The biggest challenge of continuity-based subscriptions is managing lumpy consumption, while the biggest challenges for curated boxes are margins (since the brand is often reselling other people’s products) and subscription fatigue (how many different lipsticks/socks/energy bars can one person try before becoming exhausted?)
Many organizations start out by wanting subscription revenue, rather than starting with a promise that justifies a recurring revenue relationship. It’s that promise to help the customer achieve an ongoing goal or solve an ongoing problem that motivates a customer to subscribe. They want that insider status, what the medical world might call “the feeling of having a doctor in the family”. But you don’t need to use subscription pricing to build that kind of trusted ongoing relationship.
Whether or not you use Subscription Pricing, a Points Program or a Premium Loyalty Program, you can build a Forever Transaction with your customers by focusing on delivering on that long-term promise.
Here are a few tactics that might help you optimize for forever:
1. Define your best customer and not-best customer, and optimize EVERYTHING around building a relationship with the best. Keep asking yourself “what more can I do for that best customer to help them achieve their goals and solve their problems?
2. Balance the benefits you provide between acquisition benefits, those headline features that get them to join you in the first place, with engagement benefits, those features that build habits, loyalty and trust. Engagement benefits drive (and should be measured by) recency, frequency, depth, and breadth of usage.
3. Pay special attention to onboarding. It’s important to understand the differences in attitudes and behaviors between your best long-term customers and the not-best customers (the ones who cancel, or who don’t extend the relationship with you).
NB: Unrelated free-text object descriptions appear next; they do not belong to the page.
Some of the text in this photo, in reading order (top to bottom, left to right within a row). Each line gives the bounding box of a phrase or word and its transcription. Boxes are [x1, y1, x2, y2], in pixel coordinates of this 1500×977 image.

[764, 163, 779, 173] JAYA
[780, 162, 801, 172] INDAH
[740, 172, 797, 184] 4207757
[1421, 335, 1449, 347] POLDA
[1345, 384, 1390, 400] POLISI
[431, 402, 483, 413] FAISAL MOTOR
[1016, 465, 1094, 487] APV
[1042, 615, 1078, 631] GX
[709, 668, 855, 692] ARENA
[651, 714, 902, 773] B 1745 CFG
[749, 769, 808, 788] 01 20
In the onboarding phase, you want to quickly give them value that they can see, reinforce the wisdom of their decision, and show them how to build habits to maximize the value they’re paying for.
4. Invest in ongoing customer success—it’s not enough to provide customer support—solving problems as they arise and fixing things as they break. It’s important to ensure that every customer is getting all the value they’re entitled to—that they’re getting the results they wanted. If customer support is reactive, customer success is proactive—reaching out to customers to make sure you’re making an impact
More important than any tactic, pricing decision or program is the overarching mindset of the organization—a membership mindset. This is a relentless focus on building an ongoing relationship and ensuring that your most loyal customers get the best experience. This practice works in both a B2B and a B2C environment and is the quickest way to maximizing lifetime customer value.